Immune System Recognition of Similar Bacteria

The most common biological reason for a false positive IGRA result is the immune system’s cross-reaction with bacteria other than M. tuberculosis. The IGRA test works by exposing a person’s T-cells to specific proteins, such as ESAT-6 and CFP-10, which are highly characteristic of the TB-causing organism. If the T-cells have previously encountered these proteins, they release a signaling molecule called interferon-gamma, which is then measured to indicate a positive result.

A group of organisms known as Non-Tuberculous Mycobacteria (NTMs) are common in the environment, often found in soil and water. Some NTM species, including Mycobacterium kansasii and Mycobacterium marinum, possess genetic sequences similar to those that code for the specific TB antigens used in the test. Exposure to these widespread environmental bacteria can sensitize T-cells, causing them to mistakenly recognize the test antigens and release interferon-gamma. This structural similarity in a few NTM species can still trigger a low-level positive reading, even if true TB infection is absent.

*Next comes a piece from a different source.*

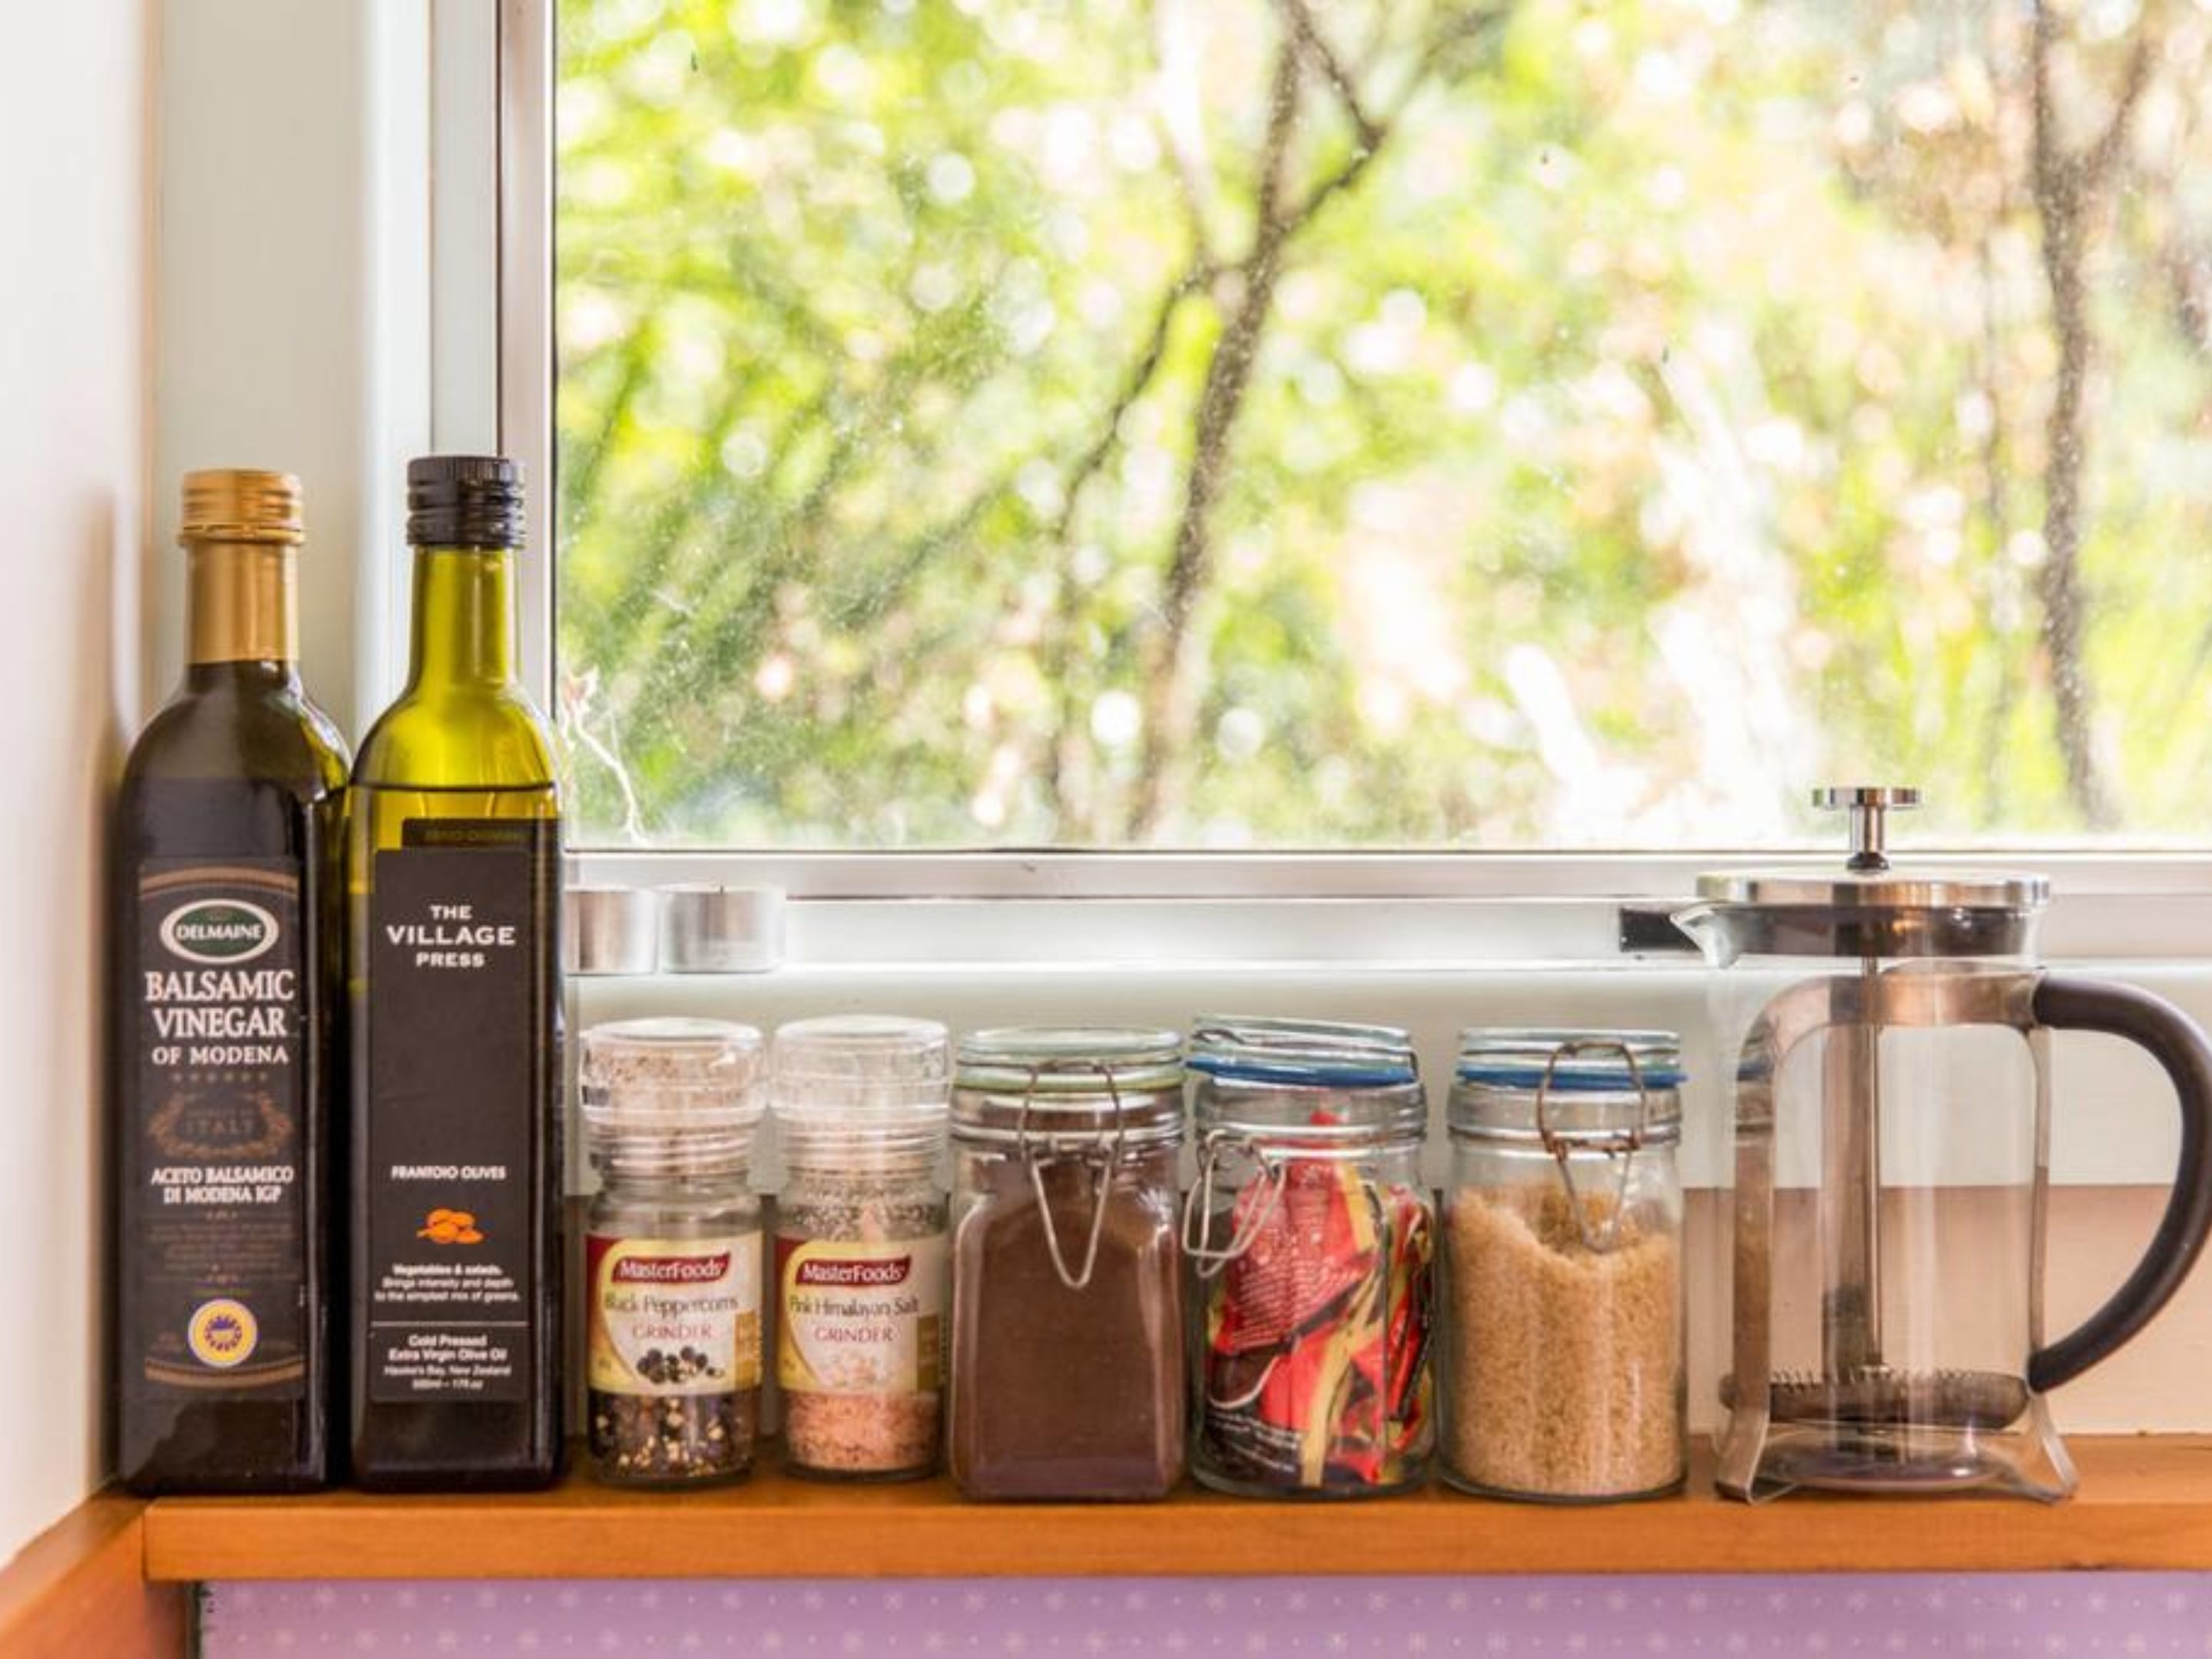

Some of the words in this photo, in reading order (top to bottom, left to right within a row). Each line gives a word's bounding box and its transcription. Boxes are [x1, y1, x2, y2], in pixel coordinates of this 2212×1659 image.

The Bacille Calmette–Guérin (BCG) vaccine is another factor. IGRAs are specifically engineered to exclude the antigens present in the BCG vaccine, making them generally unaffected by vaccination status. However, in cases of repeated BCG vaccination or recent immunization, a residual immune memory might still contribute to a positive result.

Errors in Sample Collection and Laboratory Processing

The accuracy of an IGRA test relies heavily on the correct handling of the blood sample, as the test measures a living immune response in real-time. Blood is drawn into specialized tubes containing the TB antigens and must be promptly incubated, often within 8 to 16 hours of collection, to keep the T-cells viable and reactive. Delays in transport or incubation can lead to the deterioration of the cells, which may result in an inaccurate reading.

The temperature during transport is also a consideration; the sample must be kept within a specific range, as extreme heat or cold can compromise the T-cell function. Improper technique during the initial blood draw, such as insufficient mixing of the blood with the antigens inside the collection tube, can prevent the immune reaction from occurring correctly. These pre-analytical errors can disrupt the delicate biological process required for the test, leading to a measured signal that does not accurately reflect the patient’s immune status.

Once the sample reaches the laboratory, technical mistakes can further introduce errors into the result. The incubation phase requires strict adherence to timing protocols to ensure an accurate measurement of the released interferon-gamma. Contamination of reagents, or issues with the laboratory equipment used to read the final result, such as the Enzyme-Linked Immunosorbent Assay (ELISA) reader, may also skew the final numerical concentration. A temporary malfunction or contamination within a specific batch of test components can mistakenly inflate the signal, pushing an otherwise negative result into the positive range.

Limitations in Test Specificity and Interpretation

Even with ideal biological and procedural conditions, the inherent characteristics of the IGRA test contribute to the potential for false positive results. The test relies on a statistical threshold, known as a cutoff, to categorize a result as either positive or negative. This cutoff represents an arbitrary line, and any result that falls just above this predetermined value is classified as positive, regardless of the underlying biological certainty.

This reliance on a cutoff can create a problem with borderline results, where the measured interferon-gamma level is only slightly higher than the threshold. Such low-level positive results are often biologically uncertain and may represent a transient or fluctuating immune response unrelated to true M. tuberculosis infection. Studies have shown that many individuals who test positive with a borderline value may revert to a negative result upon retesting, suggesting the initial positive was not a stable indicator of infection.

Another limitation stems from the test’s specificity, which, while high, is not absolute. The antigens ESAT-6 and CFP-10 are not perfectly unique to the M. tuberculosis complex, meaning that highly activated T-cells responding to other intense stimuli, such as recent live-virus vaccination or certain inflammatory conditions, could theoretically react.

Furthermore, slight differences in the manufacturing of test kits, known as inter-assay variability, can cause minor fluctuations in the measured signal. These small variations in the reagents or quality control between different batches can sometimes be enough to push a borderline negative result over the positive cutoff. This highlights the reliance of interpretation on statistical boundaries rather than a clear biological switch.